The next .75 miles was all downhill through shady forest. The trail exited the woods in Hanover right behind Dartmouth College athletic fields. We walked along the fenceline and turned right onto NH 120. There was a Co-op Grocery store right on the corner, so we got a couple cold drinks and sat in the shade. The last three quarters of a mile of ‘hiking’ were just a stroll through town. We had to pay close attention to find white blazes marked on lightposts along the road. There was no shade and the mid-day sun was beating down on us. Despite being completely flat, this was probably the hardest part of the hike because it was just so hot! We finally got to our meet-up spot. I had time to wash my face and wipe the mud off my legs in the Dartmouth bookstore. No one even looked at me funny – a sure sign that a town is used to hikers and backpackers.
My dad picked us up and took us to Morano Gelato – so good! After that, we went to the Cabot factory store and ate free cheese. Then we went to King Arthur Flour company and ate cookies while we waited for my mom’s baking class to end. And then we went out for a proper dinner. It’s a lot of eating, but I think we earned it. After dinner, my parents drove us back to where we had parked our car earlier in the day. Then it was home for showers and relaxing!
Hiking is often about changing plans for us. As Christine mentioned, we had initially came up with some plans for doing a multiple day backpack of the Appalachian Trail. But, with a new puppy, we didn’t want to subject the babysitting grandparents to the attention he needed (he has been an extremely high-energy puppy). So, I looked up some possible day hikes we could do to still cover a tiny bit of New Hampshire AT miles. It is a goal of ours (we will see how attainable, ultimately) to hike the entirety of the Appalachian Trail in sections. Working full-time with limited time off, we have to do what we can for now. We will hopefully finish what we have left when we retire, so this hike was a way to knock off a very tiny percentage of the trail and connect to our trip last year with a few more contiguous miles. We coaxed Christine’s dad to pick us up in Hanover and drive us back to our car, so the change in plans worked well for us.
It took us a little while to find our start point for the trail on Three Mile Road with questionable GPS service that made it difficult to navigate some of these backroads. But, we ultimately got to the correct road and found the AT crossing and a place to park our car on the side of the road. We started off at the road crossing and headed south on the white-blazed Appalachian Trail. The initial trail marker showed we had 8.6 miles to reach Hanover, NH. The trail started off through the fern-covered woods heading slightly downhill through a muddy area. Green was all around us in this lush forest setting. At 2.5 miles, we crossed over the paved Etna-Hanover Center Road (heading east under a mile would lead you to Etna, NH), where there was a cemetery on the opposite side of the road. We crossed the road and continued on with this trail marked by the DOC signs Christine mentioned above.

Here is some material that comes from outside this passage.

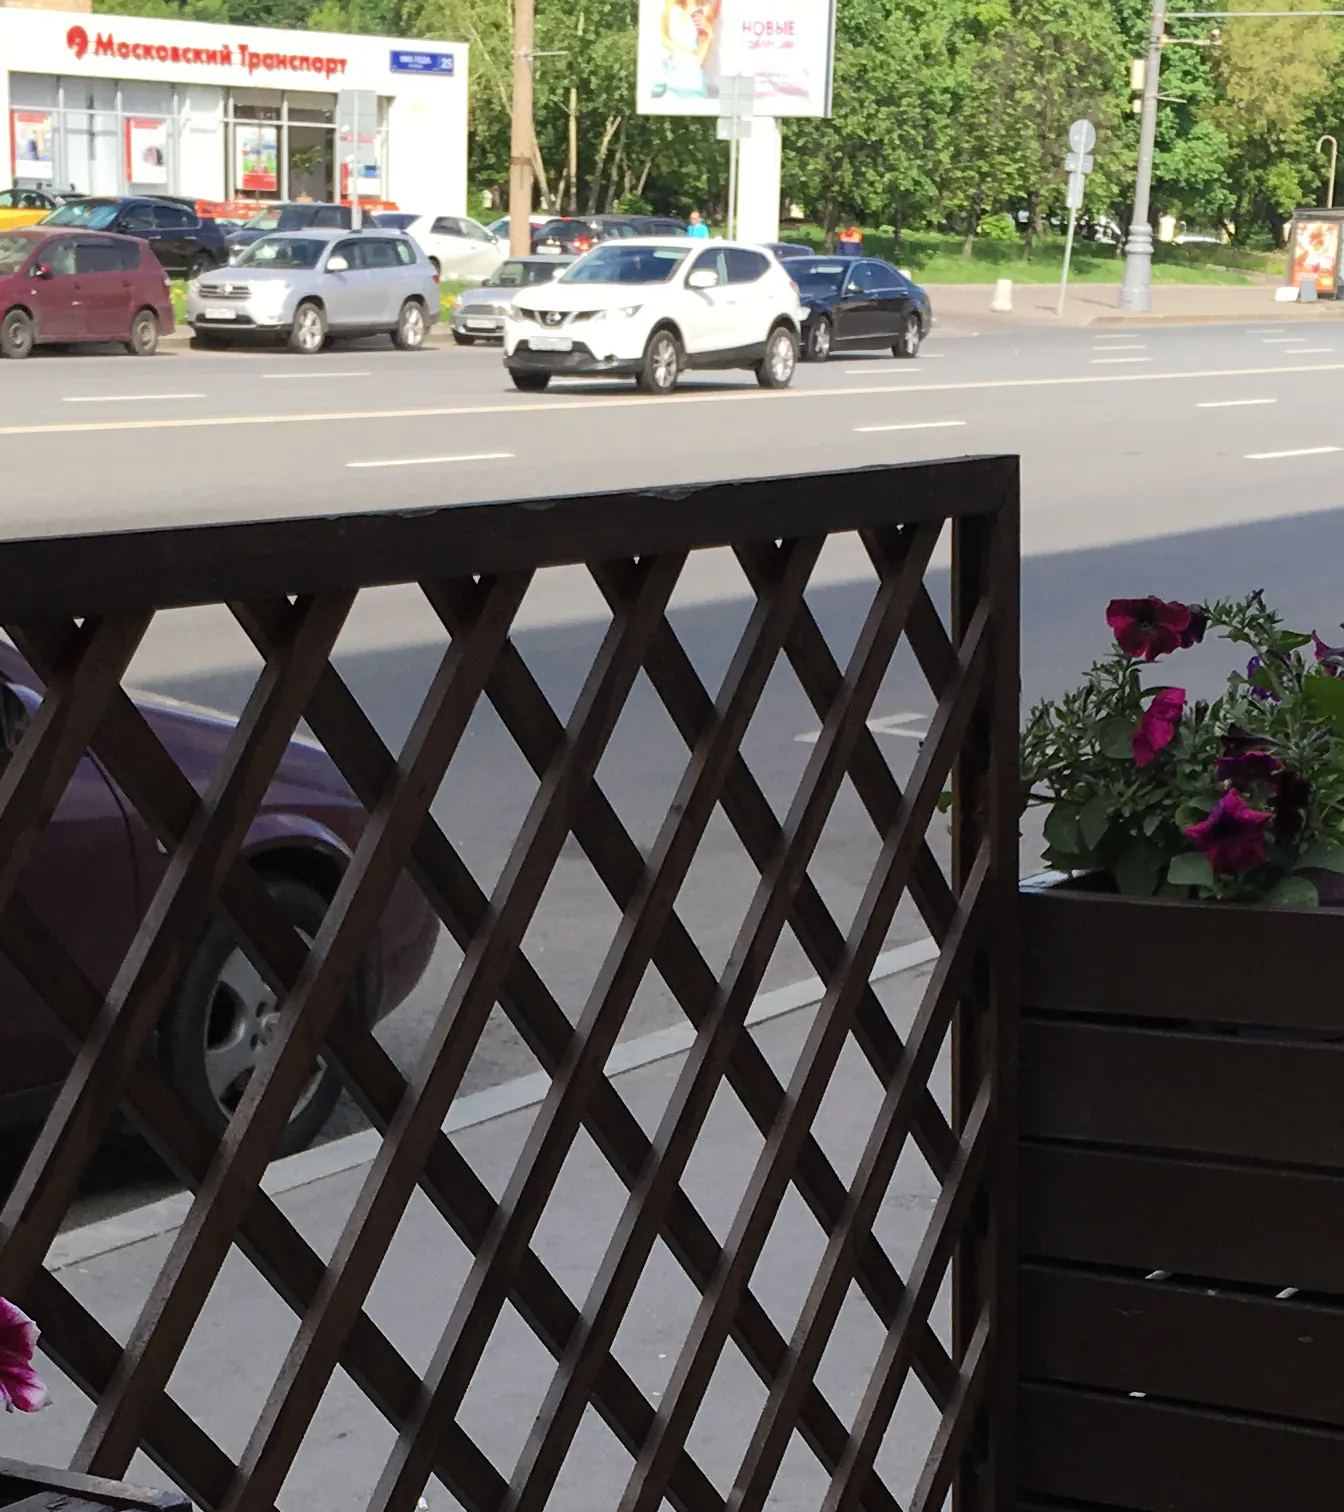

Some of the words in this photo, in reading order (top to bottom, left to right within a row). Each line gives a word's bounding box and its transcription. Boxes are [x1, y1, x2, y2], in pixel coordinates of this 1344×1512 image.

[742, 20, 795, 36] НОВЫЕ
[94, 32, 232, 66] Московский
[238, 43, 348, 80] Транспорт

Shortly after crossing the road, you walk over a couple of footbridges carrying you over a stream. The trail opens up a bit after this where you cross over a field before entering back into the woods. You cross over the paved Trescott Road at 3.9 miles and then pass over a boardwalk over a marshy pond at 4.6 miles. From here, the trail begins to climb up and does reach a very steep section that will reach its peak at 5.4 miles. At the peak, we took a break and ate some lunch before pushing on. The trail descended and then we reached the junction with the north shelter loop trail at 6.2 miles. At this point, we did start seeing some people that were hiking about on this loop trail to check out the Velvet Rocks area. We saw the many mossy boulders that give the area the name ‘Velvet Rocks’. We passed the northern spur to the shelter and decided to stay on the AT. At 6.8 miles, we reached the southern shelter sidetrail and took a break to go check it out. While the sign said it was only .2 miles away, that was the longest .2 miles we have ever seen (it felt more like .35 miles). When we got to the Velvet Rocks Shelter, we were able to talk with a few people that were staying there and doing some larger sections of the AT. We went back the way we came to rejoin the AT (I didn’t include this side trip in the mileage totals).

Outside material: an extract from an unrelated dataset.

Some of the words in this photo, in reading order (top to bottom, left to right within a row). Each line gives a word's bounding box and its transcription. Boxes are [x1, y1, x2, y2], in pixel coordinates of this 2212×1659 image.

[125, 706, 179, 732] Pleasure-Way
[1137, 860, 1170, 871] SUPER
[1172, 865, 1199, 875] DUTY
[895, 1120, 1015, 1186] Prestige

From the junction with the shelter sidetrail, it was a steep downhill climb until we came out of the woods near a Dartmouth sports field. The trail continues along the back wall of the field and comes out by a convenience store onto NH 120. We took a right at the road and walked by a Food Coop and got a fresh drink. It was just a short walk from here into town to meet up with Christine’s dad, but the exposure into the sun made for a hot walk back into town. We did cool off a bit with some nice gelato. This was a great hike to do if you can have two cars or a pickup plan like we did. The terrain was relatively easy and it is always good to end a hike at a town with lots of amenities.
Distance – 8.7 miles
Elevation Change – 1204 feet
Difficulty – 2. This is a really easy stretch of Appalachian Trail – especially for New Hampshire. Our only real challenge was the heat.
Trail Conditions – 3. The trail is in nice shape, but was quite muddy when we hiked.
Views – 1. There are a few minor views in small meadows, but nothing grand.
Waterfalls/streams – 2. There are lots of small streams that provide adequate water sources.
Wildlife – 2. Squirrels, birds, and chipmunks!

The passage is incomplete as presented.